╭──

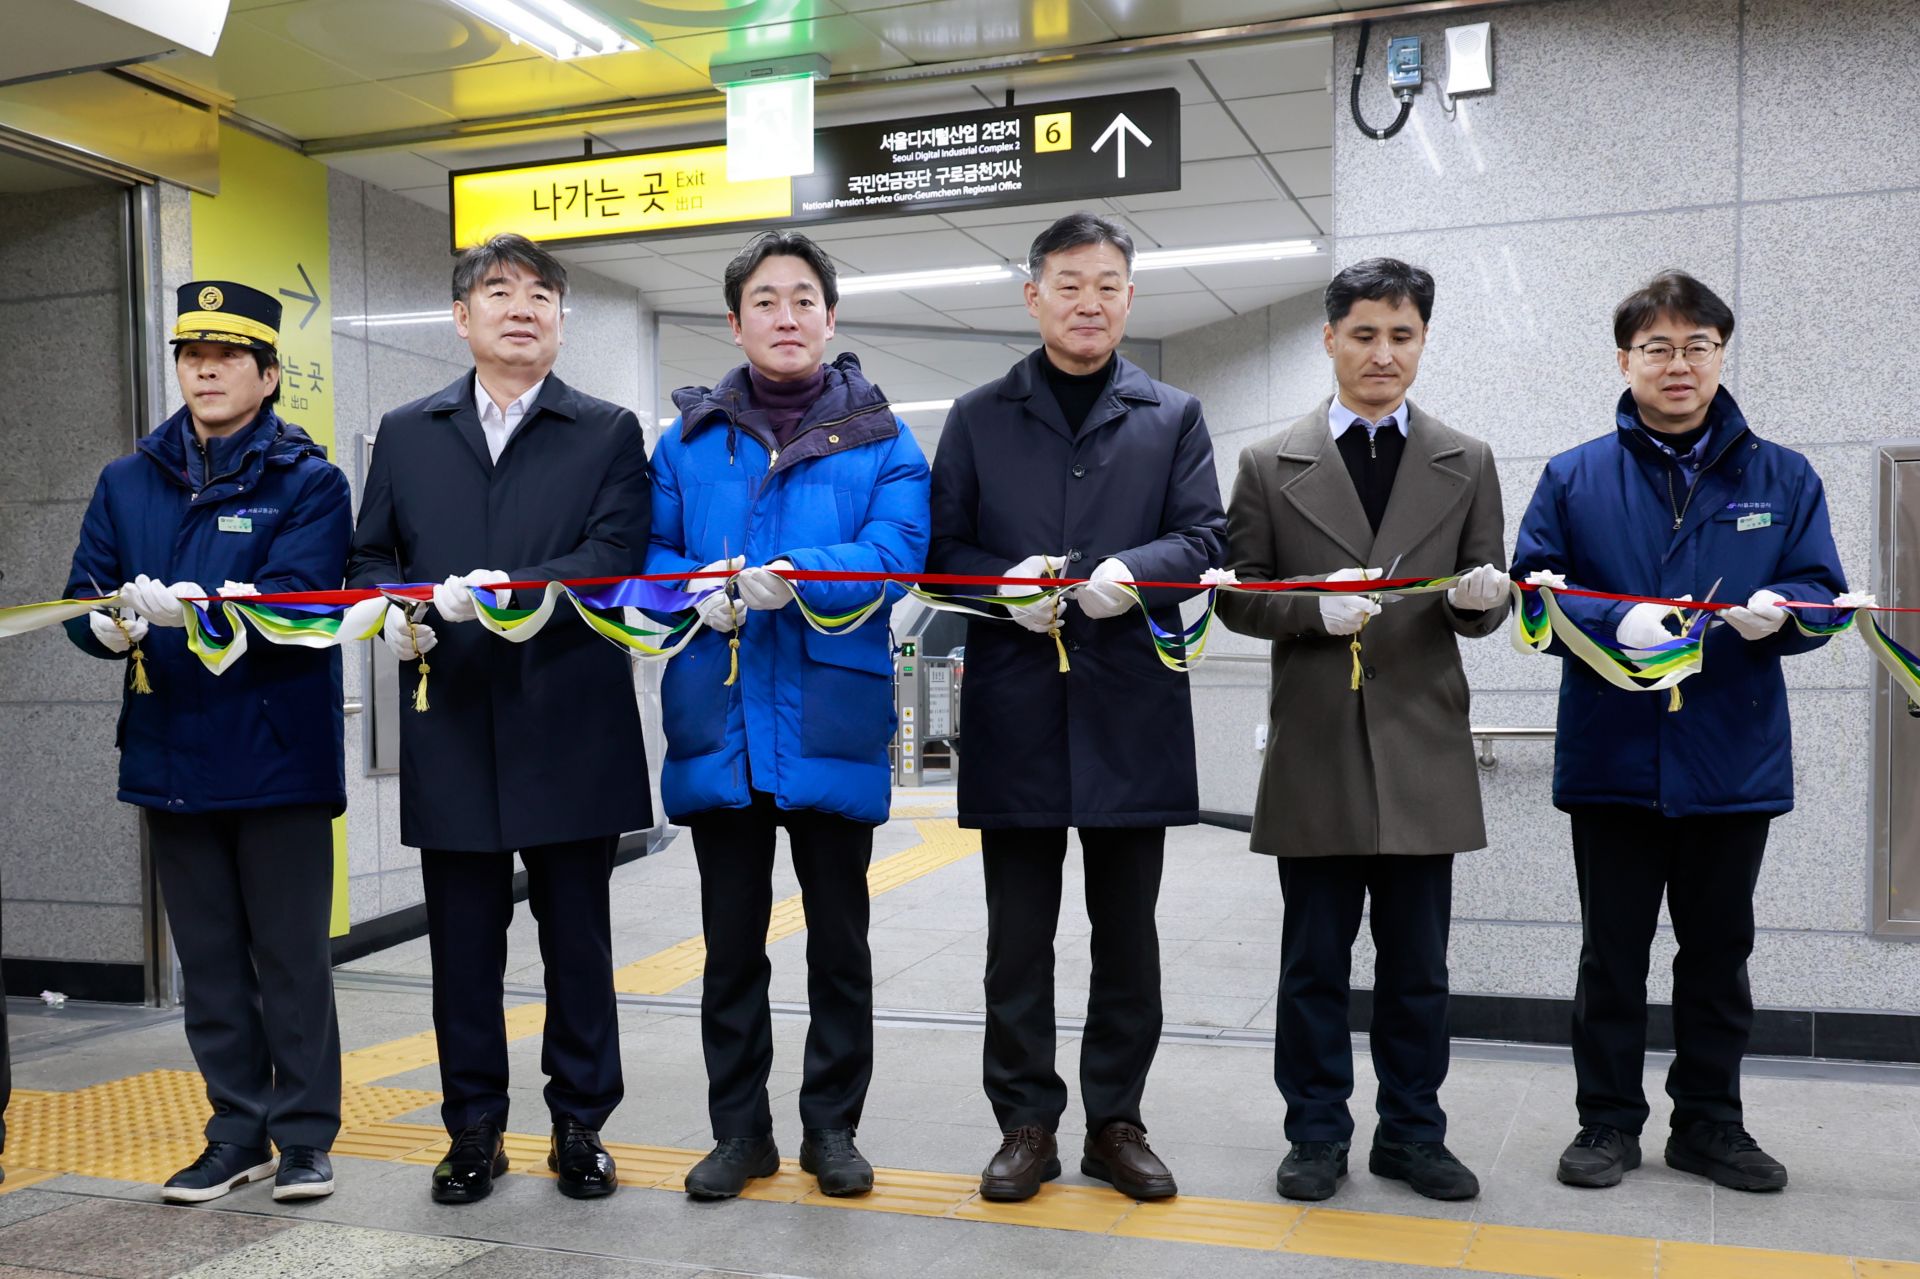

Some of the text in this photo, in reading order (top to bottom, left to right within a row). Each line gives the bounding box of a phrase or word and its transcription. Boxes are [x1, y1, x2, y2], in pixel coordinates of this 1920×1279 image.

[880, 118, 1021, 151] 서울디지털산업 2단지
[1045, 121, 1061, 144] 6
[892, 141, 1021, 164] Seoul Digital Industrial Complex 2
[676, 170, 706, 188] Exit
[848, 158, 1022, 195] 국민연금공단 구로금천지사
[533, 172, 669, 221] 나가는 곳
[676, 195, 704, 212] 出口
[802, 180, 1022, 211] National Pension Service Guro-Geumcheon Regional Office
[307, 361, 325, 394] 곳
[290, 394, 309, 410] 出口
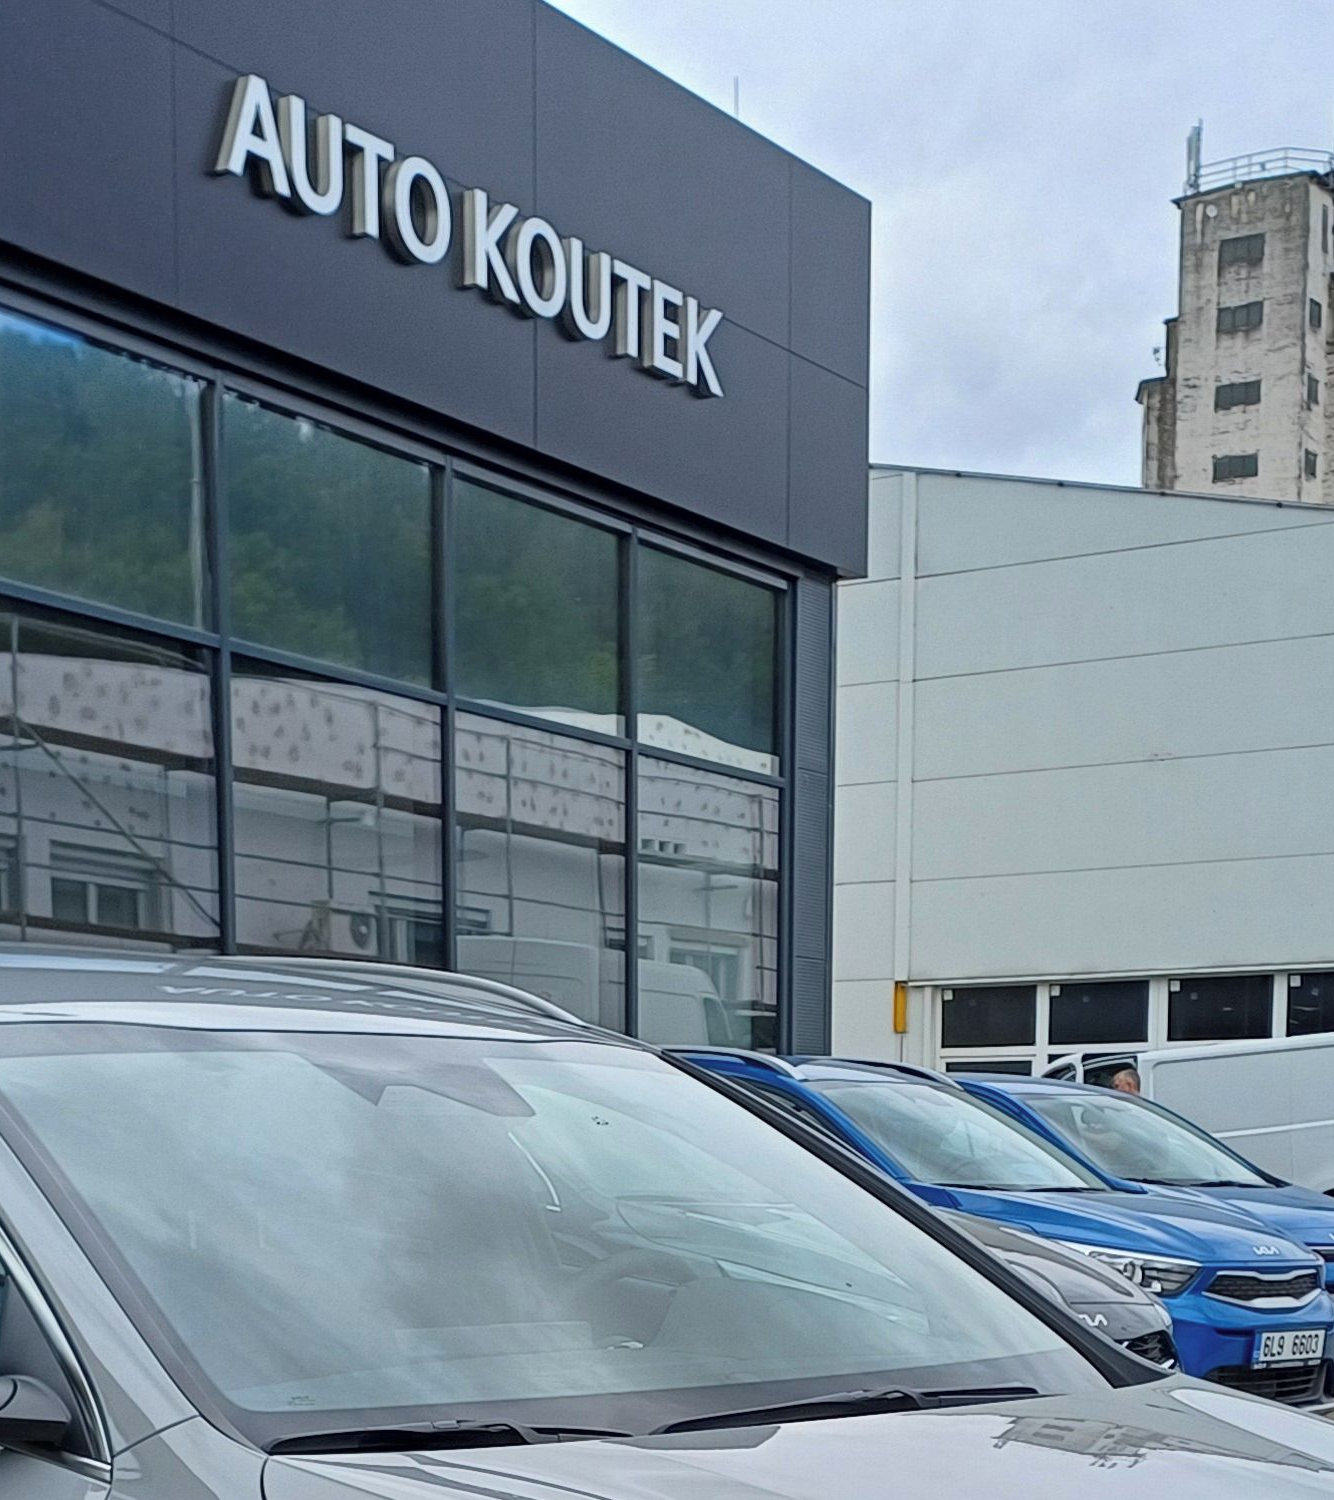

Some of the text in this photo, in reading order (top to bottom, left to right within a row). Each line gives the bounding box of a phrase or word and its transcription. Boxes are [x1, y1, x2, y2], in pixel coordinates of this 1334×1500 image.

╰──

▶ [Work to complete]: No images belong in the copy. Transcribe every record exactly.

▶ [Answer area]:
Some of the text in this photo, in reading order (top to bottom, left to right within a row). Each line gives the bounding box of a phrase or word and its transcription. Boxes are [x1, y1, x2, y2], in pixel coordinates of this 1920×1279 image.

[880, 118, 1021, 151] 서울디지털산업 2단지
[1045, 121, 1061, 144] 6
[892, 141, 1021, 164] Seoul Digital Industrial Complex 2
[676, 170, 706, 188] Exit
[848, 158, 1022, 195] 국민연금공단 구로금천지사
[533, 172, 669, 221] 나가는 곳
[676, 195, 704, 212] 出口
[802, 180, 1022, 211] National Pension Service Guro-Geumcheon Regional Office
[307, 361, 325, 394] 곳
[290, 394, 309, 410] 出口

Some of the text in this photo, in reading order (top to bottom, left to right within a row). Each line gives the bounding box of a phrase or word and its transcription. Boxes are [x1, y1, x2, y2], in pixel coordinates of this 1334×1500 image.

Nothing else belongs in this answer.